I don't think many others are going to see that. it's obviously ridiculous, but what we don't know now is how a campaign plays out. We may not have more debates. The next debate was supposed to be a town hall, it was going to be a very different dynamic. Who knows if he'll be able to do that, what will this do to the enthusiasm of his supporters if they're starting to think that maybe they're not voting for Donald Trump, but voting for Mike Pence? What will happen with Biden and the nature of his campaign?
He's now suspended negative ads, but you know, we're going to be in a different world for the next week or two or three. I can't see a lot of people who are not Trump supporters feeling sympathy for him because he's a victim here. He is not a victim in most of the ways in which we would characterize it.
But I think Michael is right. We're in uncharted territory here in terms of how all of this plays out psyche and with a campaign. One thing that may happen, if he were mildly symptomatic, stuck in the White House and did nothing but tweet for two weeks, we would see many more attempts to incite the proud boys and others to get out there and maybe even have more violence. If he's unable to do that, and he's not using that trigger, maybe that alters some of the nature of the voting taking place over the next few weeks.
Laura Coates [00:42:14]: One of the odd things about this, of course, people have already started voting.
Harry Litman [00:42:16]: Yeah.
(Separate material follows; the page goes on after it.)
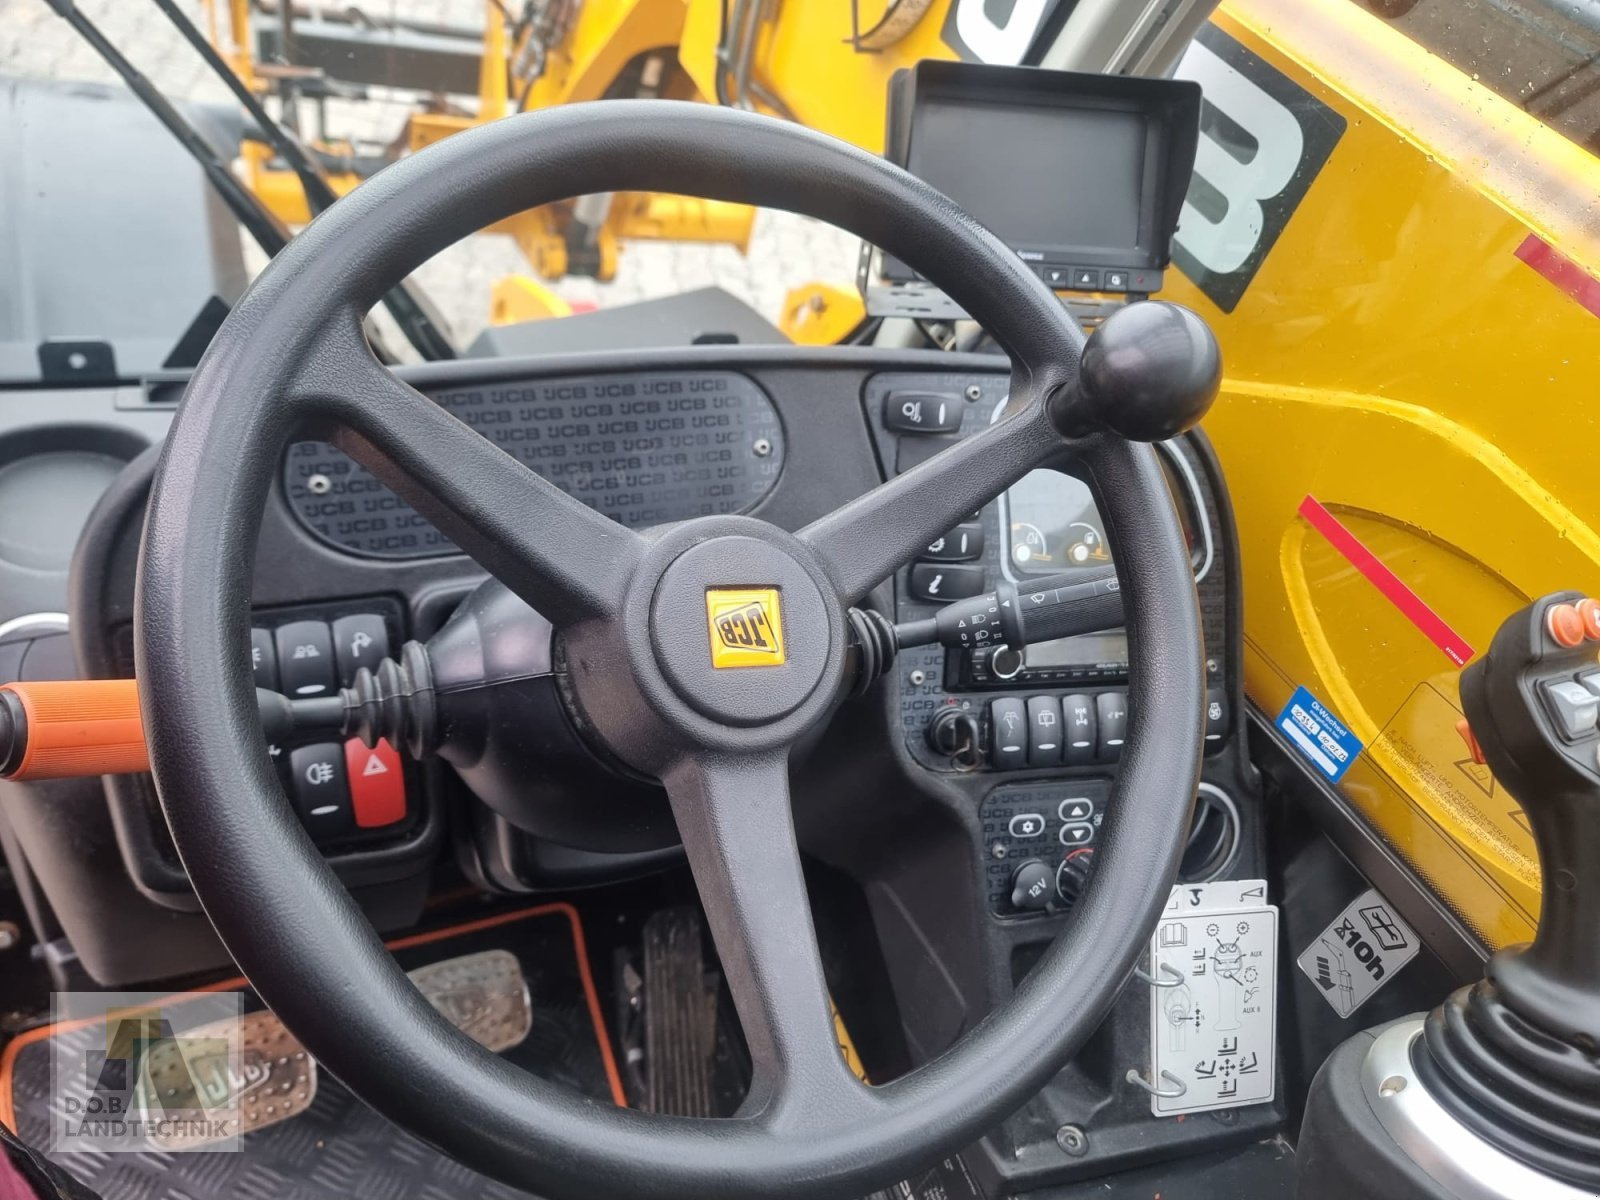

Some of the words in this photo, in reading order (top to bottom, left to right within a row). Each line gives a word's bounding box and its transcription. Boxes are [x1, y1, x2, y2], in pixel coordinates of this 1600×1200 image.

The election’s on already.
Laura Coates [00:42:19]: The election is ongoing. I mean, it's right here. Even before he was diagnosed, people had voted and he has obviously had a lot to say about the integrity of mail-in invalid much to my chagrin as a former voting rights attorney and civil rights, but the idea of, the people have already begun. You almost wonder how much impact could it have because some people have already cast their ballots, maybe even believing they were voting for Trump.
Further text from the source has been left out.